[Opening GIVEN RECORDS section]

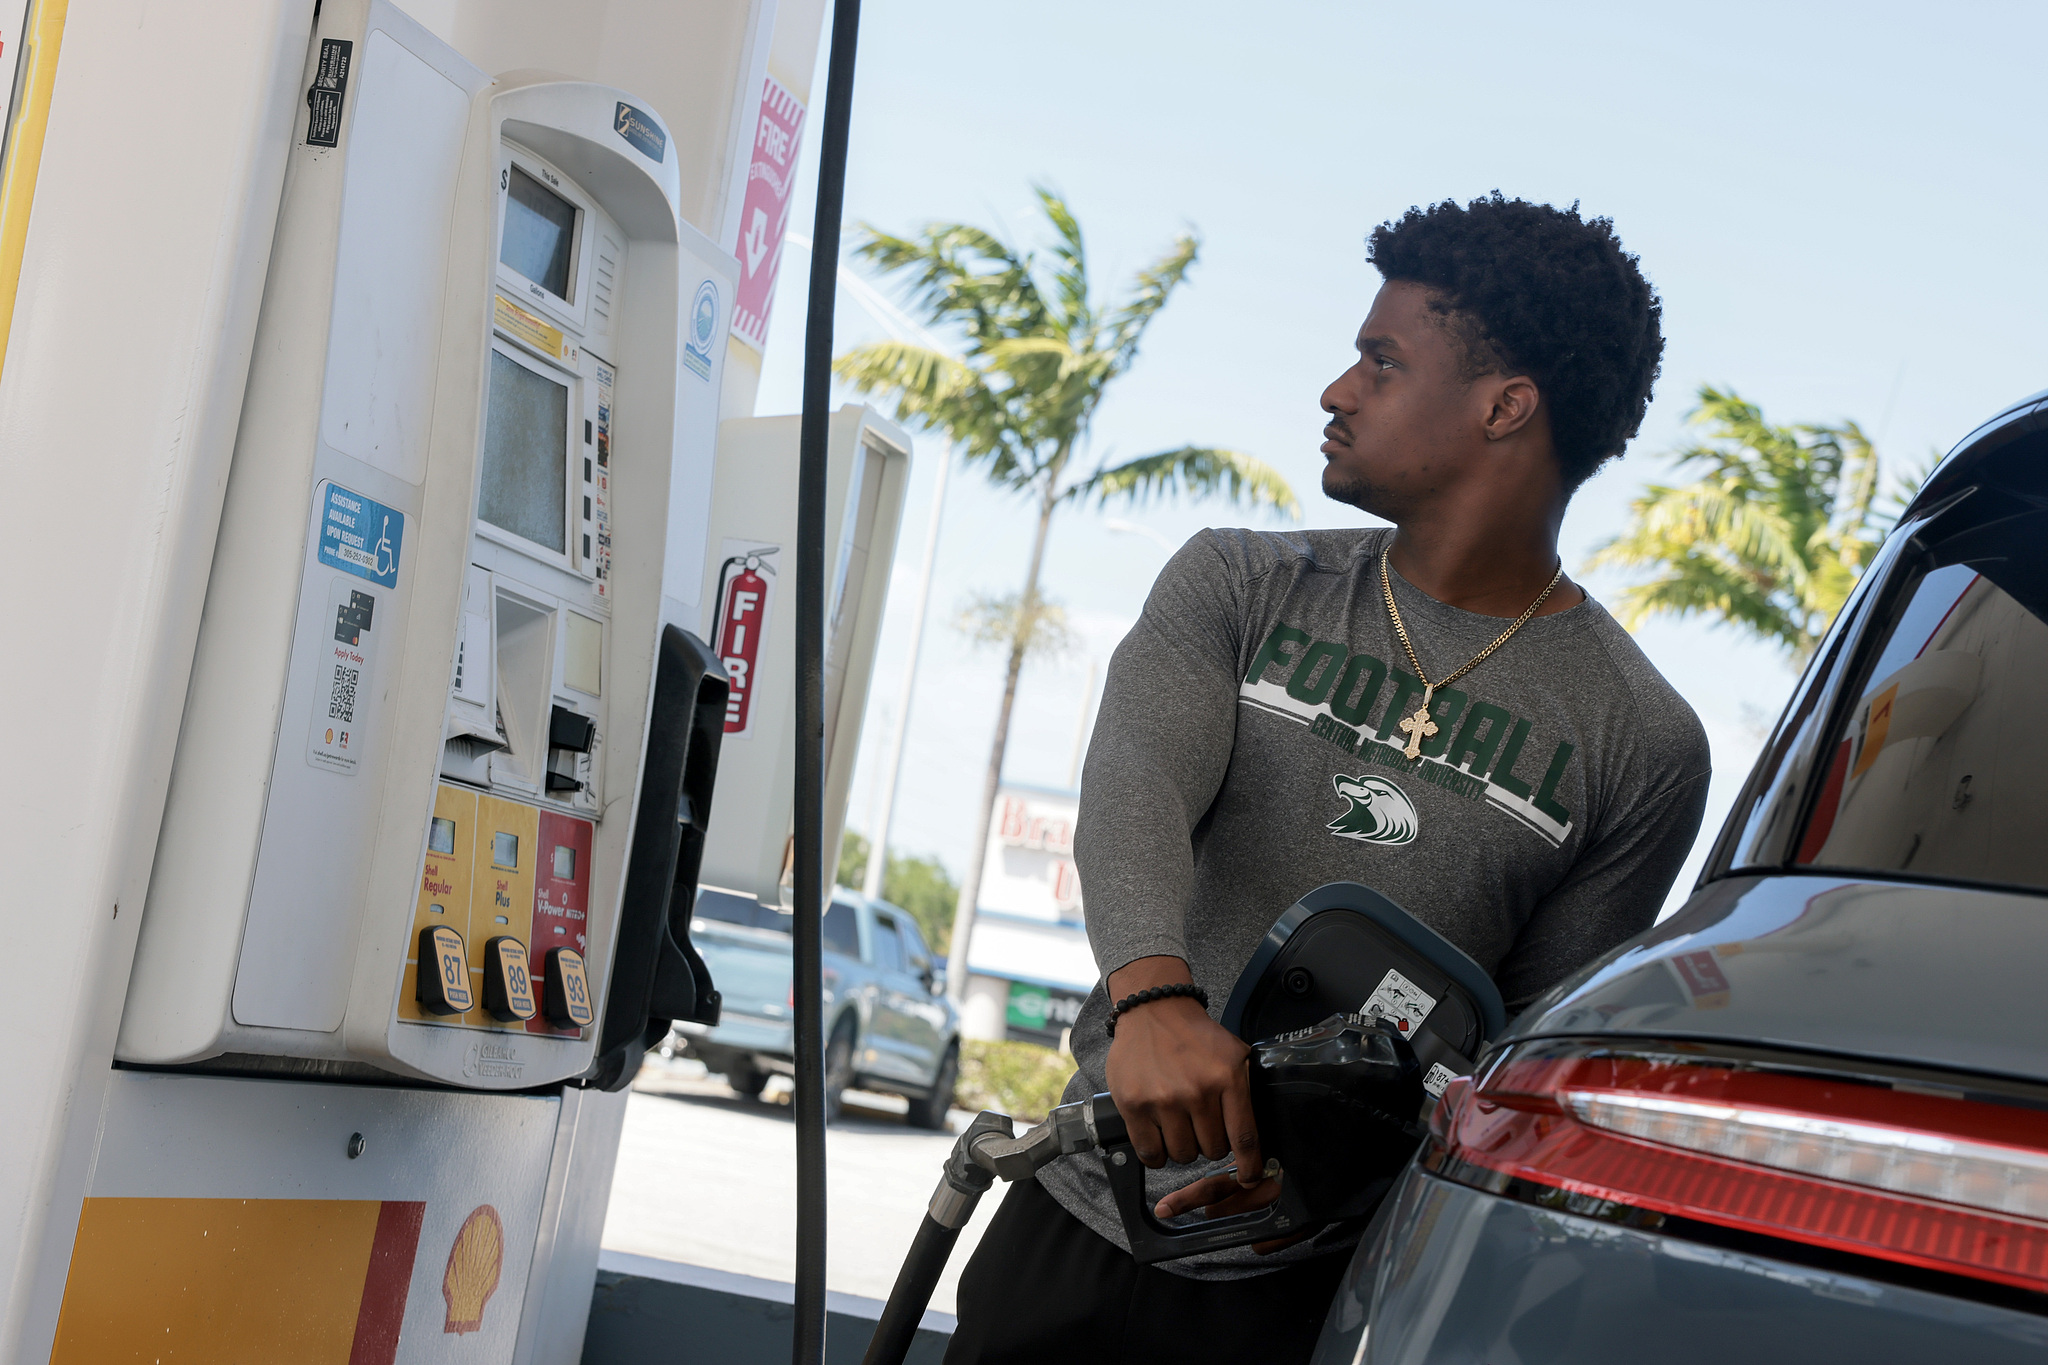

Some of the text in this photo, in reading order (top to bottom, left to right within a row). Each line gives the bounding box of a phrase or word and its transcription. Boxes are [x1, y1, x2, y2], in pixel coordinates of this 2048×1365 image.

[317, 60, 327, 87] SECURITY
[629, 117, 664, 149] SUNSHINE
[757, 114, 790, 167] FIRE
[501, 168, 508, 192] $
[529, 283, 545, 299] Gallons
[330, 492, 361, 514] ASSISTANCE
[328, 509, 356, 529] AVAILABLE
[326, 524, 364, 549] UPON REQUEST
[334, 646, 364, 666] Apply Today
[1245, 621, 1575, 828] FOOTBALL
[1310, 712, 1490, 801] CENTRAL METHODIST UNIVERSITY
[425, 864, 438, 876] Shell
[423, 876, 452, 897] Regular
[496, 880, 508, 891] Shell
[537, 888, 549, 900] Shell
[495, 891, 510, 908] Plus
[537, 899, 565, 917] V-Power
[443, 954, 461, 986] 87
[508, 964, 527, 995] 89
[566, 973, 585, 1004] 93
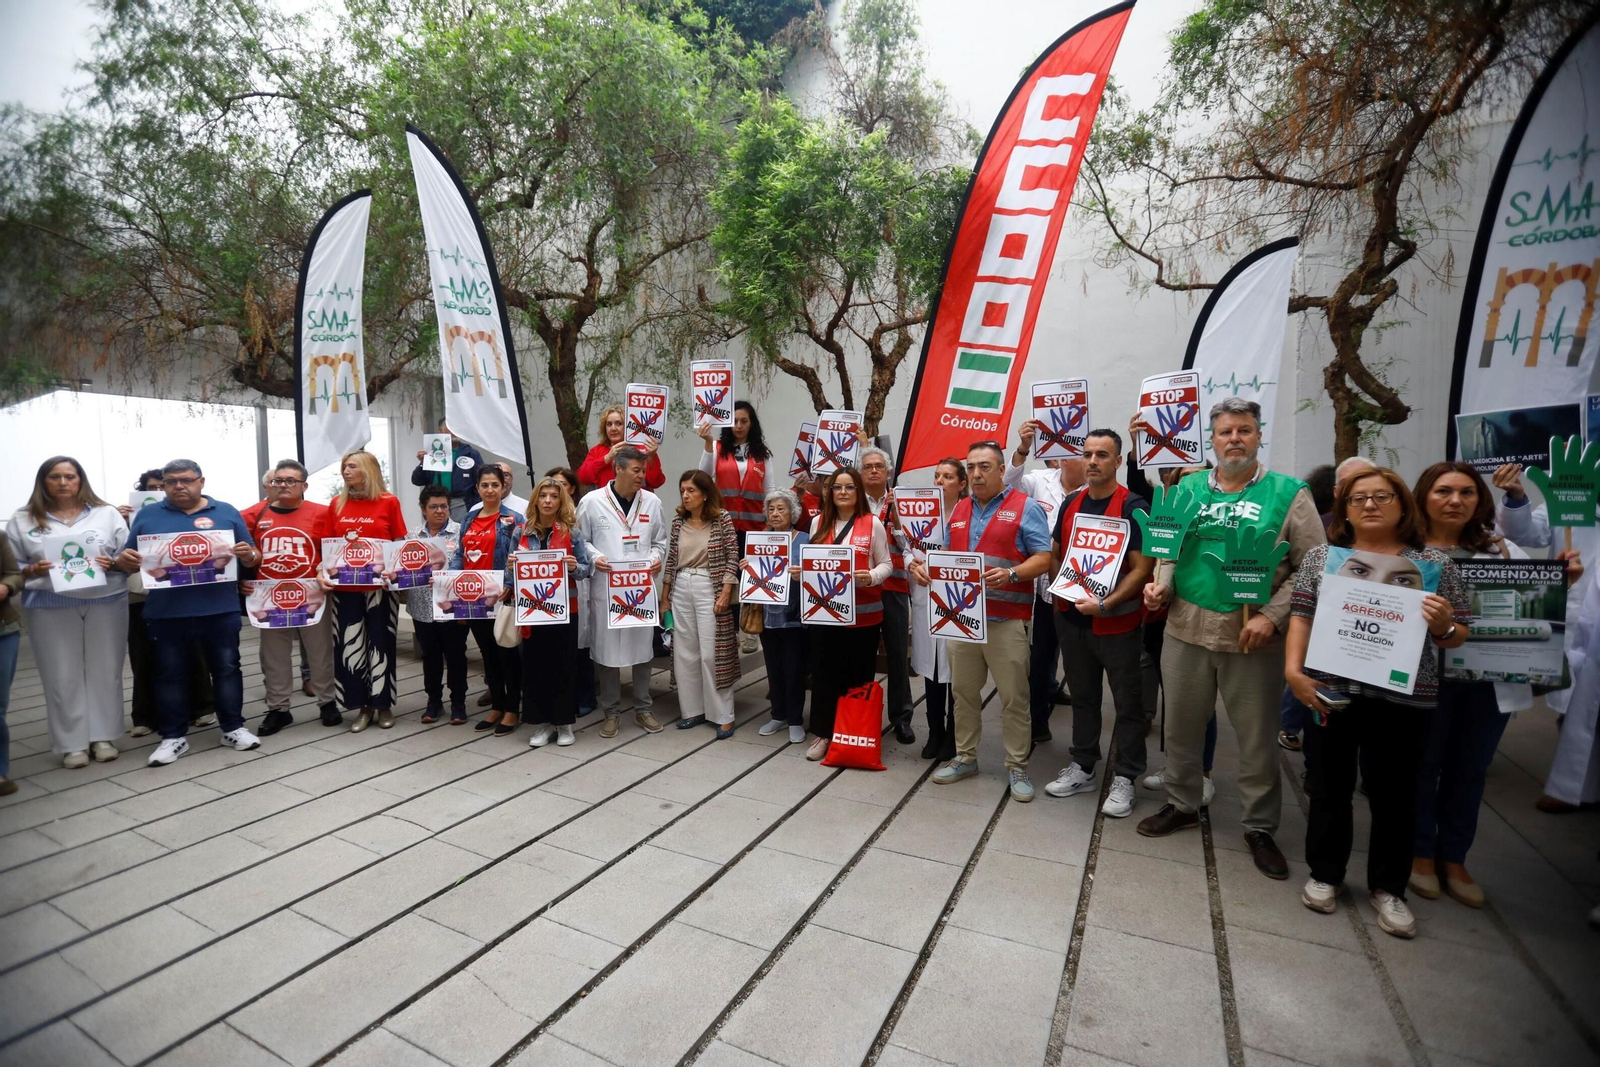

[Closing GIVEN RECORDS section]

# ACTION ITEM
Please reproduce the entries from above exactly; images are not part of the copy.

# RESULT OF THIS EXERCISE
Some of the text in this photo, in reading order (top to bottom, left to right within a row). Each line gives the bounding box of a phrase or word and its transcription. Boxes are [x1, y1, x2, y2], in pixel coordinates of this 2048×1365 image.

[317, 60, 327, 87] SECURITY
[629, 117, 664, 149] SUNSHINE
[757, 114, 790, 167] FIRE
[501, 168, 508, 192] $
[529, 283, 545, 299] Gallons
[330, 492, 361, 514] ASSISTANCE
[328, 509, 356, 529] AVAILABLE
[326, 524, 364, 549] UPON REQUEST
[334, 646, 364, 666] Apply Today
[1245, 621, 1575, 828] FOOTBALL
[1310, 712, 1490, 801] CENTRAL METHODIST UNIVERSITY
[425, 864, 438, 876] Shell
[423, 876, 452, 897] Regular
[496, 880, 508, 891] Shell
[537, 888, 549, 900] Shell
[495, 891, 510, 908] Plus
[537, 899, 565, 917] V-Power
[443, 954, 461, 986] 87
[508, 964, 527, 995] 89
[566, 973, 585, 1004] 93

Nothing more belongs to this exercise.